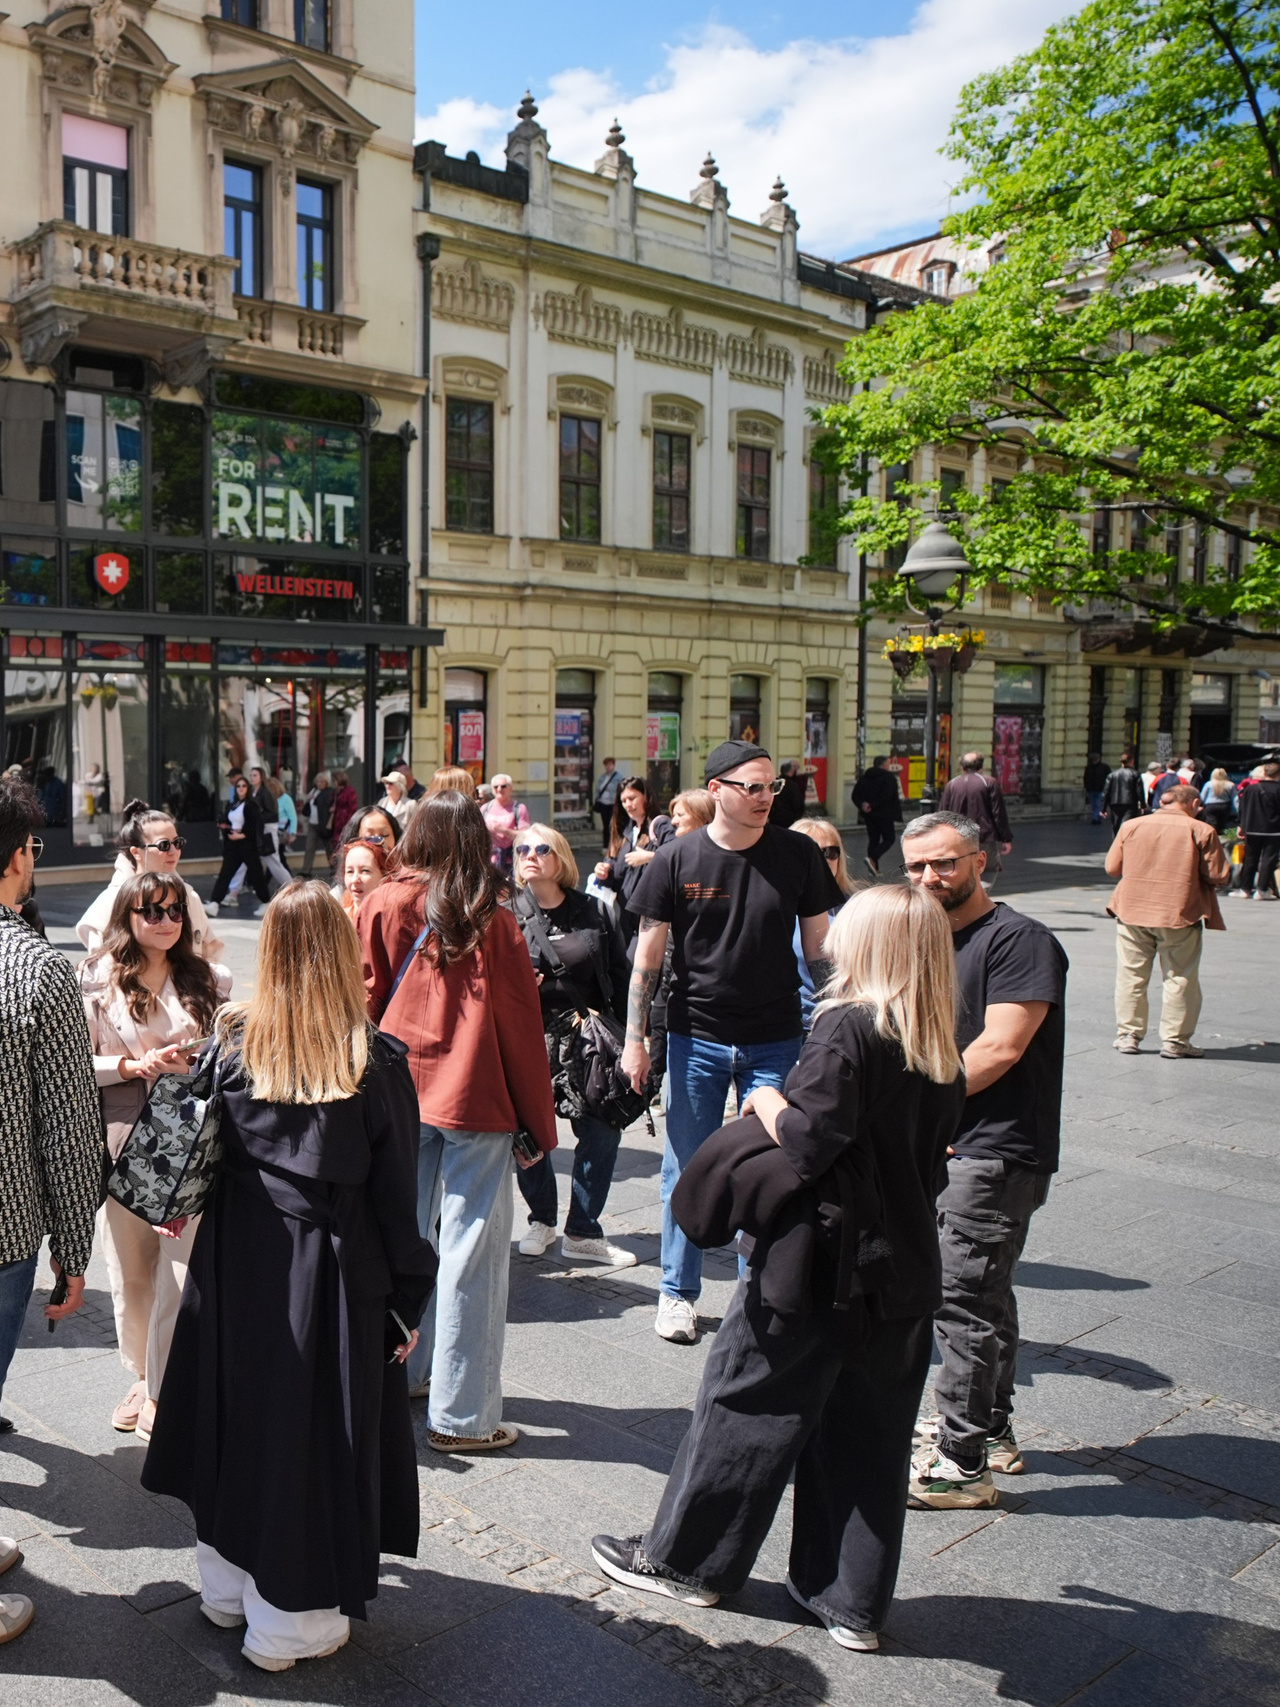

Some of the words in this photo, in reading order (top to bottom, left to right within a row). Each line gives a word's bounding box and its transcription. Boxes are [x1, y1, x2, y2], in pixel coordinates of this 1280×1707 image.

[218, 457, 256, 480] FOR
[218, 481, 355, 544] RENT
[236, 573, 354, 600] WELLENSTEYN
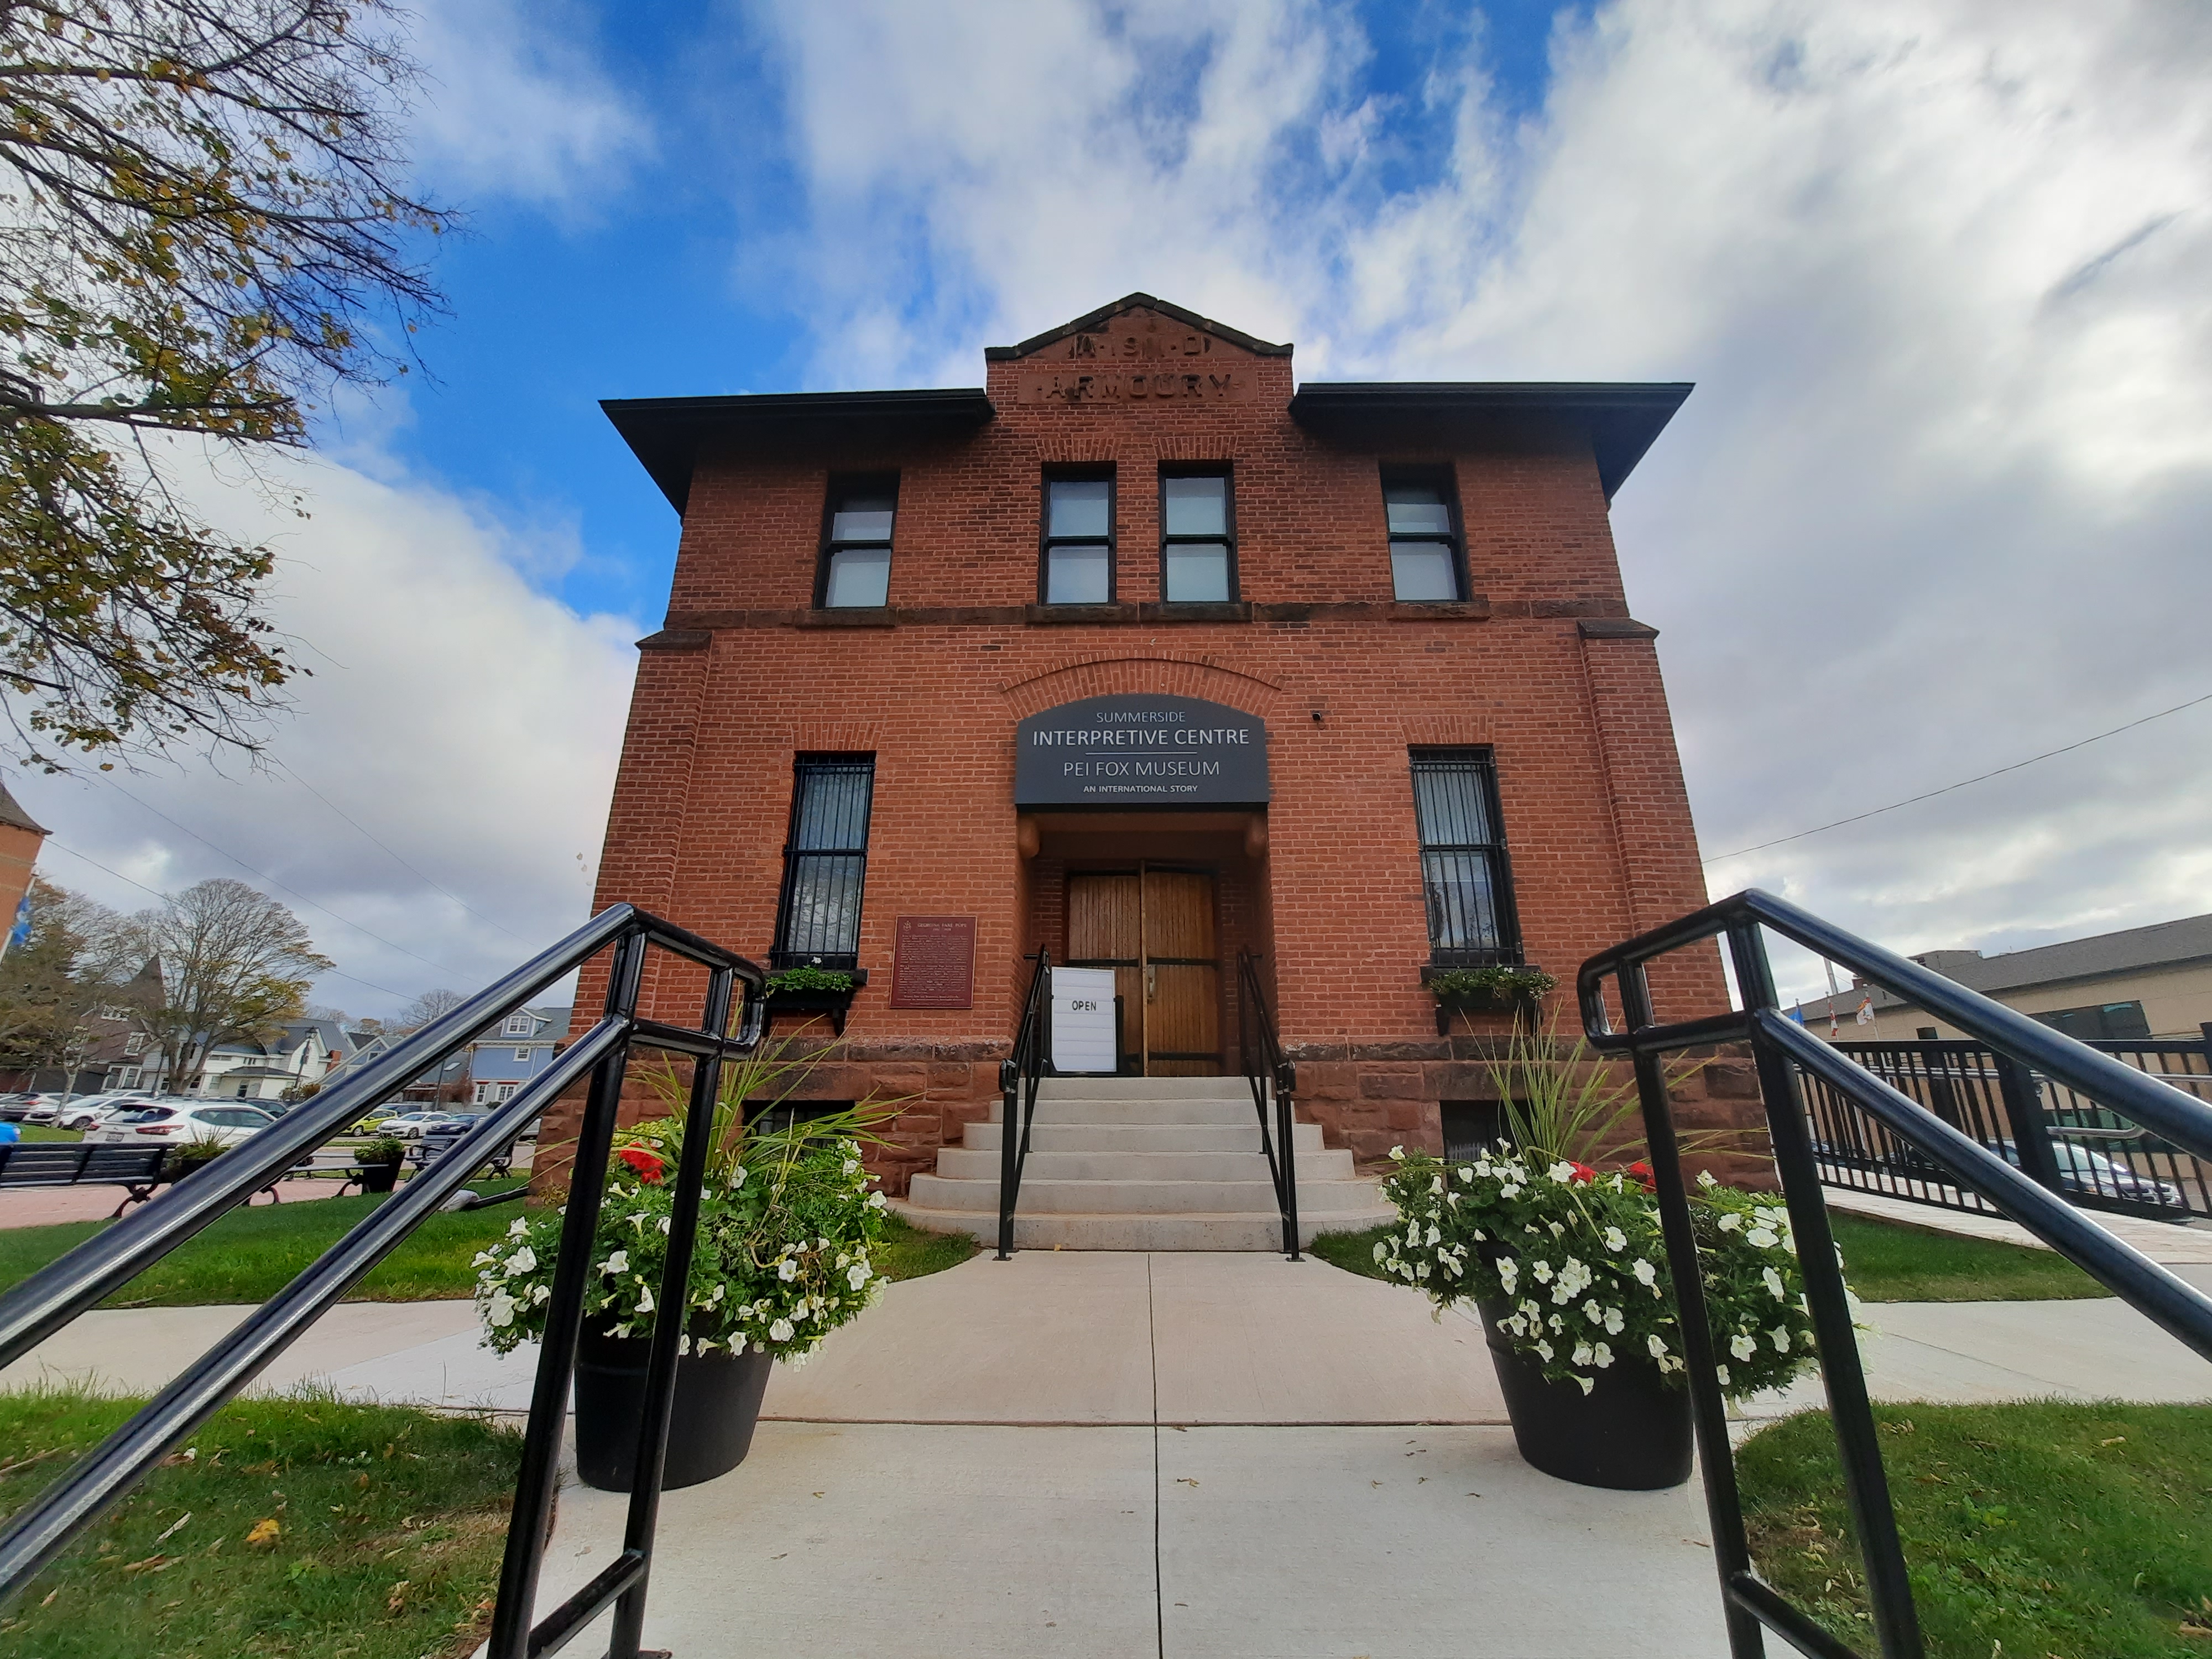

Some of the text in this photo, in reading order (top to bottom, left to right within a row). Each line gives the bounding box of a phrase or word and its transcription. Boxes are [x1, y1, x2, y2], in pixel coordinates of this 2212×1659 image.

[1096, 711, 1186, 723] SUMMERSIDE
[1032, 729, 1250, 746] INTERPRETIVE CENTRE
[1063, 761, 1220, 776] PEI FOX MUSEUM
[1071, 1000, 1097, 1011] OPEN

▬▬▬▬▬▬▬▬▬▬

▶ What to produce: Pictures must be left out when the records are transcribed exactly.

▶ Result of this task:
Some of the words in this photo, in reading order (top to bottom, left to right within a row). Each line gives a word's bounding box and its transcription. Boxes are [x1, y1, x2, y2], in pixel coordinates of this 1280×1707 image.

[218, 457, 256, 480] FOR
[218, 481, 355, 544] RENT
[236, 573, 354, 600] WELLENSTEYN

Some of the text in this photo, in reading order (top to bottom, left to right within a row). Each line gives the bounding box of a phrase or word and its transcription. Boxes are [x1, y1, x2, y2], in pixel coordinates of this 2212×1659 image.

[1096, 711, 1186, 723] SUMMERSIDE
[1032, 729, 1250, 746] INTERPRETIVE CENTRE
[1063, 761, 1220, 776] PEI FOX MUSEUM
[1071, 1000, 1097, 1011] OPEN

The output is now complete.